Also,it affects scheduling in a. Big way. Which can affect a lot down the line


----------



## captkirk (Nov 21, 2007)

rnr electric said:


> Also,it affects scheduling in a. Big way. Which can affect a lot down the line


stop showing up if there isnt a full days work and that too will stop...

Customer...."Ugh when do you plan on comming back" 
You....... when you decide what you want...so i can have full work days for my men... im not sending them there to half wire your kitchen, house or what ever...


----------



## rnr electric (Jan 29, 2010)

captkirk said:


> That wine rack looks really cool, but any wine snob will tell you that good wines should be stored in the dark...


He has a room for wine that has its own temp control and wanted just a pull chain light.. He seen this wine rack somewhere in Texas and asked if we could replicate from a picture. I used single diode LED to light each rack,kinda a bad picture but if you look close enough the backing is all aged looking copper.


----------



## captkirk (Nov 21, 2007)

rnr electric said:


> He has a room for wine that has its own temp control and wanted just a pull chain light.. He seen this wine rack somewhere in Texas and asked if we could replicate from a picture. I used single diode LED to light each rack,kinda a bad picture but if you look close enough the backing is all aged looking copper.


 No it definatly looks really cool, and totally usable for younger wines that are ment to be drank sooner than later... nice job on the lighting.. I love custom work..


----------



## rnr electric (Jan 29, 2010)

captkirk said:


> No it definatly looks really cool, and totally usable for younger wines that are ment to be drank sooner than later... nice job on the lighting.. I love custom work..


Thanks, I like it too but when it's all you do it kinda gets old and turns into a job , like anything I guess.


----------



## magneticpersona (Apr 28, 2012)

well doesnt that mean you make more money? i love those customers that always want to add more things in! Sometimes i have to tell them that i had prior commitments and will have to re-schedule them later on during the week or next week. Try that.


----------



## denny3992 (Jul 12, 2010)

I was on a job for 3 yrs once.... it's called a 100 mw power plant.... geez I never heard of being on a resi job so long?


----------



## rnr electric (Jan 29, 2010)

denny3992 said:


> I was on a job for 3 yrs once.... it's called a 100 mw power plant.... geez I never heard of being on a resi job so long?

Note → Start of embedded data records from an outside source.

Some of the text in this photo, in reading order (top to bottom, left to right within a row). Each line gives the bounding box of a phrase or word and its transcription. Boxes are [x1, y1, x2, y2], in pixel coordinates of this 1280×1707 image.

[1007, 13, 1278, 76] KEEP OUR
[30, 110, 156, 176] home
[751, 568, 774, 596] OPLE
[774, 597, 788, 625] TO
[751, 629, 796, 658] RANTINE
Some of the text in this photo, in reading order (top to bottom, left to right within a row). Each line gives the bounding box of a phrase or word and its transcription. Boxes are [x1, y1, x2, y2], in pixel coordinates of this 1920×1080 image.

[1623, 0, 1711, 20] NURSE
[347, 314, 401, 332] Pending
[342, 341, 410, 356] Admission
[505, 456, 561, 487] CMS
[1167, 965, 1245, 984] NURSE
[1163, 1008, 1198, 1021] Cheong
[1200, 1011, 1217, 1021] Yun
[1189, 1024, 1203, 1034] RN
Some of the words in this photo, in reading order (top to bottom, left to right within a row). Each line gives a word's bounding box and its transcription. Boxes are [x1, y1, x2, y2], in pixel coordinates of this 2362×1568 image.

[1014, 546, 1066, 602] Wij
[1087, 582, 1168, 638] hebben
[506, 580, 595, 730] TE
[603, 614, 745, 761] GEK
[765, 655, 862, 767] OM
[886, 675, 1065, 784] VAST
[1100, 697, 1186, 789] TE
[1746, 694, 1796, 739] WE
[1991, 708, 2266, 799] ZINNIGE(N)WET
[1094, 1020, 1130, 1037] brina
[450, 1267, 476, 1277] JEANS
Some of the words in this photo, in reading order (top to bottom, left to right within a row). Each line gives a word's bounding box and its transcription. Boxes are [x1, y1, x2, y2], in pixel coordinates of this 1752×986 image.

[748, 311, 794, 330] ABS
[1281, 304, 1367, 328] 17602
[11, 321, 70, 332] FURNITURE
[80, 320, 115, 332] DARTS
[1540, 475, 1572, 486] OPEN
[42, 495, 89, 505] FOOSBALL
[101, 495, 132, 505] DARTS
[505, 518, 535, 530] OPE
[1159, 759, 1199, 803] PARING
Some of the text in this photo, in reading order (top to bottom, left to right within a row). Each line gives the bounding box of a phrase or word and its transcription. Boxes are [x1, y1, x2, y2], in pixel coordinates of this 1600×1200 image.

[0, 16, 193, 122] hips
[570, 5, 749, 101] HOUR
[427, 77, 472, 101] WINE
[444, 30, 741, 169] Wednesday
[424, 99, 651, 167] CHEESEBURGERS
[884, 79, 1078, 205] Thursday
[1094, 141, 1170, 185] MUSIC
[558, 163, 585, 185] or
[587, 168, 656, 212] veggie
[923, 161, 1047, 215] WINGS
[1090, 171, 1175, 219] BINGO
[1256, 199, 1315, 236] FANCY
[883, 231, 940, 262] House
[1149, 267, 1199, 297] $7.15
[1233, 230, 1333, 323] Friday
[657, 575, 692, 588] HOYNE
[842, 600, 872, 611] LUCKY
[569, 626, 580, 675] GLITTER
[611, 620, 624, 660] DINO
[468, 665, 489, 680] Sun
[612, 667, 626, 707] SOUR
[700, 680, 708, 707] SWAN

I did a home a couple years back, started off as a "spec" home in a high end neighborhood and was sold before it was finished.
We were there (almost every day) for another six months, changing this and that. We called it the perpetual re-model. The very same job I paid 2 men to be there for 5 days for the decorators, when they needed a plug moved or a light lowered or dimmer added they were there on site. Some days they did nothing at all. Total waste of manpower but the decorators were from NYC and we only going to be here for 5days and we couldn't let them get behind in schedule.


----------



## blueheels2 (Apr 22, 2009)

My first year as an apprentice and 2nd year in the trade I got to help finish a house that had been going for years. Owner bought 3 seperate houses that were 100-150 years old. Each one was taken apart piece by piece and reassembled on new foundation joining the three. Had a mudroom put in that had massive slabs of granite he got from a closed prison. Built a nice post and beam garage with guest house as well. House hsd everything and really impressed. That was and still is some of my favorite work. Guy I was helping got a 2500 tip when completed. Good times but you got to make them pay.


----------



## rnr electric (Jan 29, 2010)




----------



## rnr electric (Jan 29, 2010)

Theatre seats at this same home, before and after.. Lit cup holders,(fiber optic), LEDs underneath.


----------



## Theriot (Aug 27, 2011)

Sweet I'm doing a theater now. I'm going to show this to him. Might have to look you up for products.


----------



## rnr electric (Jan 29, 2010)

Theriot said:


> Sweet I'm doing a theater now. I'm going to show this to him. Might have to look you up for products.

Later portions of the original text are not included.